Seit zwei Wochen machen Gerüchte über einen möglichen Rücktritt des chinesischen Staatspräsidenten Xi Jinping in den sozialen Medien Chinas die Runde, was zu Spekulationen bei im Ausland lebenden chinesischen Dissident*innen führte.

Das Gerücht ging zunächst von Lao Deng (老灯) aus, einem Youtuber in Kanada, der am 05. Mai 2022 als Informationsquelle einen anonymen chinesischen Sicherheitsbeamten bzw. eine anonyme chinesische Sicherheitsbeamtin angab. Informationen zufolge habe Xi eingewilligt, dass sich der chinesische Ministerpräsident Li Keqiang der wirtschaftlichen und diplomatischen Krise Chinas während des Ende April stattfindenden Treffens des Ständigen Ausschusses des Politbüros der Kommunistischen Partei Chinas annehmen solle. Der Video-Blogger bezeichnete das Vorgehen als „einen Coup“, weil Xi sich mit einer Reihe von hochrangigen Parteimitgliedern konfrontiert sah.
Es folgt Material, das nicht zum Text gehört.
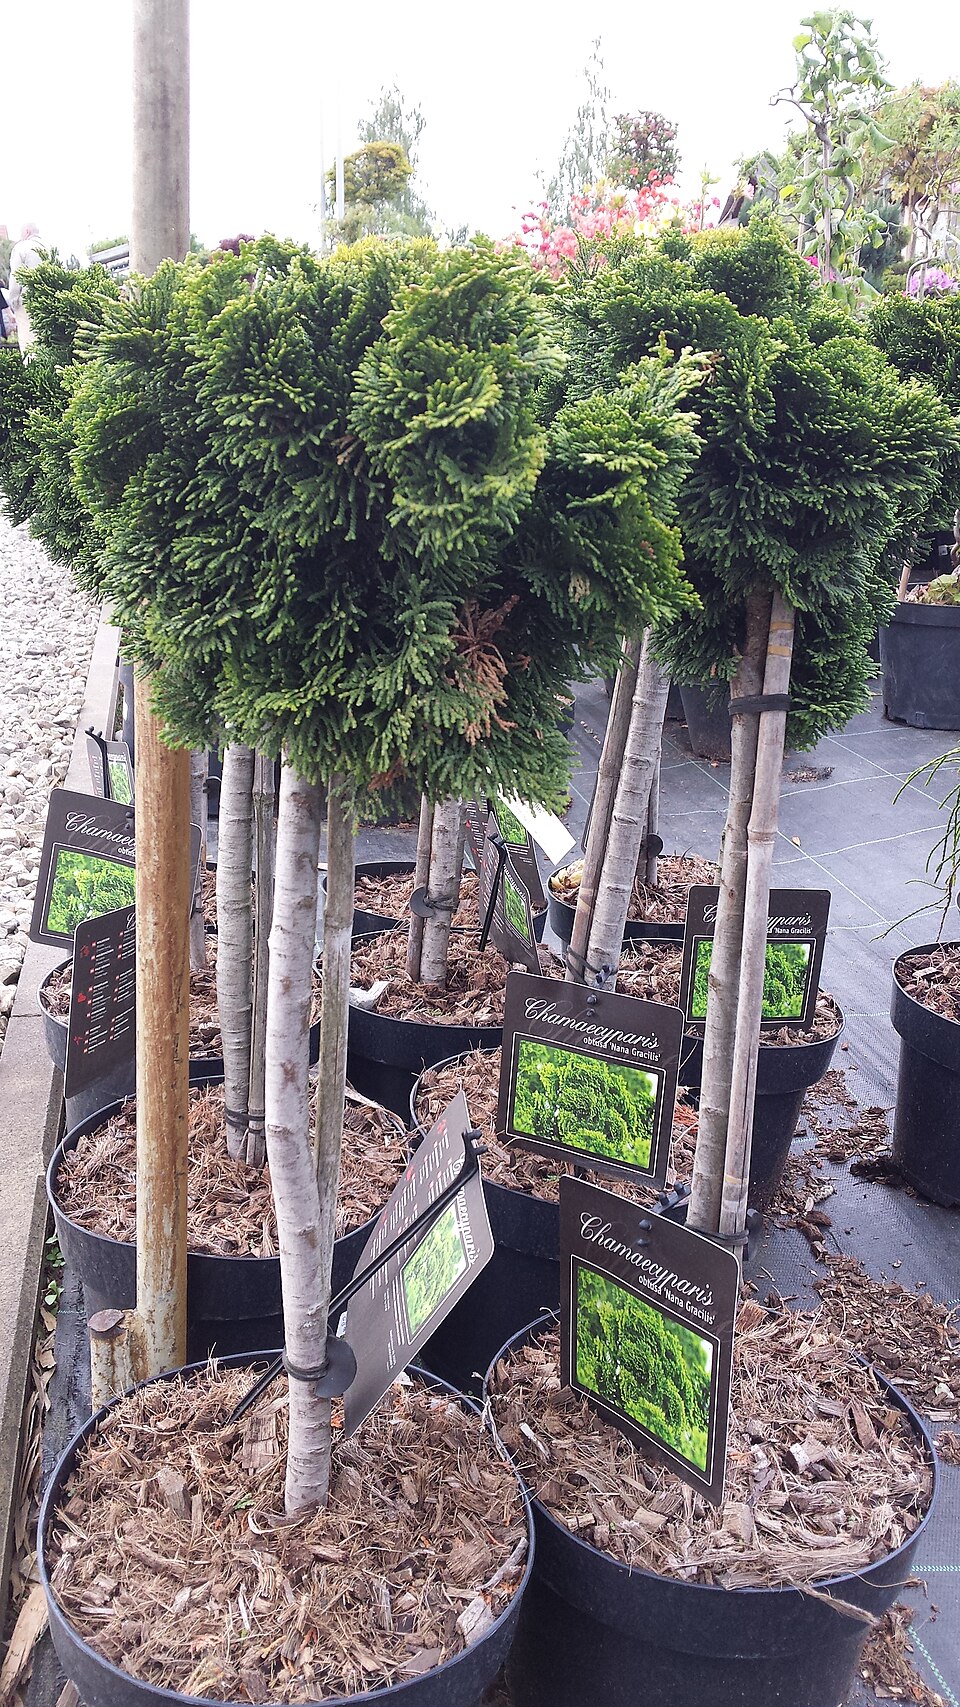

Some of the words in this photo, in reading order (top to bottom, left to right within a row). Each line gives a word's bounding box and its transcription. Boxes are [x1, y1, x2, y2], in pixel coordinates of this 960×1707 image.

[65, 811, 136, 847] Chamaec
[117, 847, 136, 857] obtus
[524, 997, 660, 1049] Chamaecyparis
[583, 1037, 608, 1049] obtusa
[609, 1042, 630, 1055] 'Nana
[631, 1048, 661, 1062] Gracilis'
[580, 1212, 714, 1306] Chamaecyparis
[638, 1274, 662, 1296] obtusa
[663, 1287, 685, 1308] 'Nana
[686, 1302, 716, 1325] Gracilis'
Ein paar englischsprachige Medien griffen die Story zu diesem Zeitpunkt auf.

Ein paar Tage später beriefen sich mehrere englischsprachige Nachrichtendienste, unter anderem die indische Nachrichtenagentur ANI und die britische Boulevardzeitung Daily Mail, auf einige nicht verifizierte chinesische Informationsquellen, nach denen Xi an einem zerebralem Aneurysma, eine Erweiterung einer Hirnarterie, leide, das starke Kopfschmerzen verursachen, die neurologische Hirnfunktion reduzieren und zu tödlichen Hirnblutungen führen kann.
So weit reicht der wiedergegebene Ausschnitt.